Phrase grounding data:
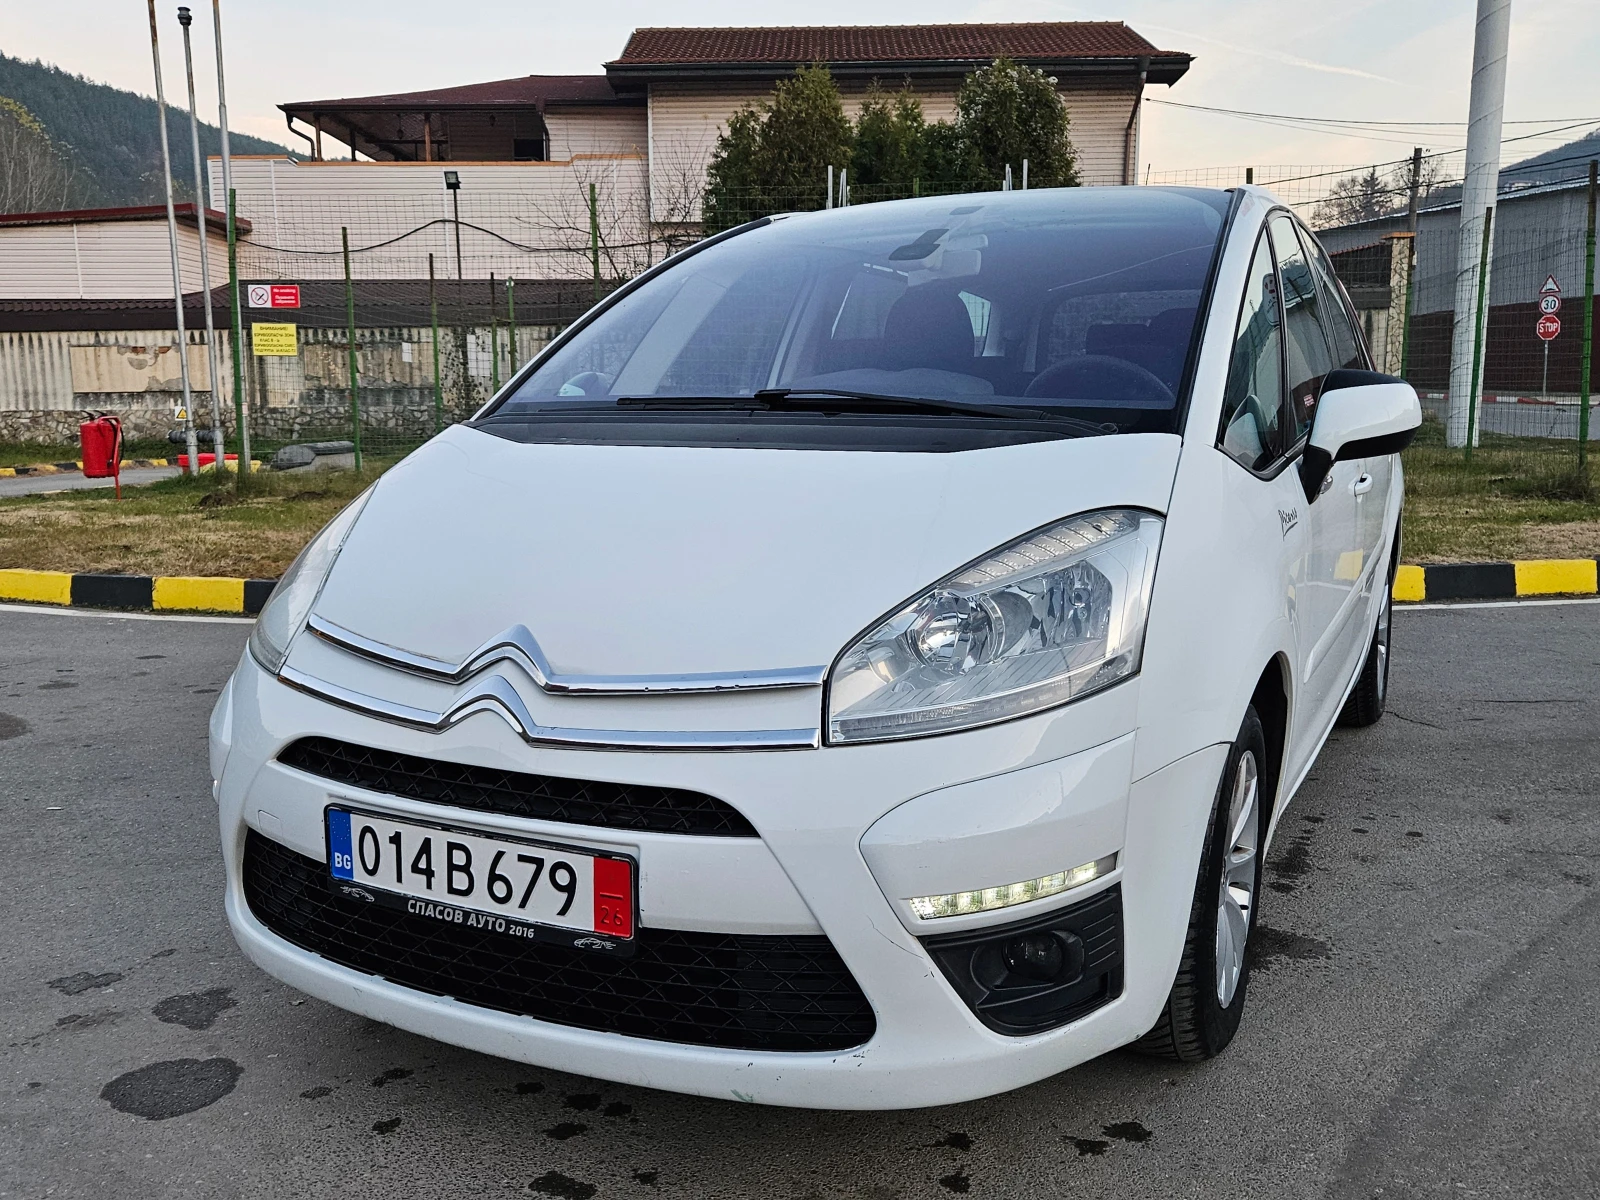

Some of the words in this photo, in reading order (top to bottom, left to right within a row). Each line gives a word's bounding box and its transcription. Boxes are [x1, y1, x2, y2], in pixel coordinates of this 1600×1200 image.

[1543, 299, 1557, 310] 30
[1539, 322, 1559, 333] STOP
[334, 852, 352, 870] BG
[407, 899, 464, 924] СПАСОВ
[467, 914, 506, 933] АУТО
[509, 924, 535, 939] 2016
[601, 905, 624, 927] 26

Aim of the task: Would you write each entry out again exactly, omitting the images?

Completed task:
Some of the words in this photo, in reading order (top to bottom, left to right within a row). Each line gives a word's bounding box and its transcription. Boxes are [x1, y1, x2, y2], in pixel coordinates of this 1600×1200 image.

[1543, 299, 1557, 310] 30
[1539, 322, 1559, 333] STOP
[334, 852, 352, 870] BG
[407, 899, 464, 924] СПАСОВ
[467, 914, 506, 933] АУТО
[509, 924, 535, 939] 2016
[601, 905, 624, 927] 26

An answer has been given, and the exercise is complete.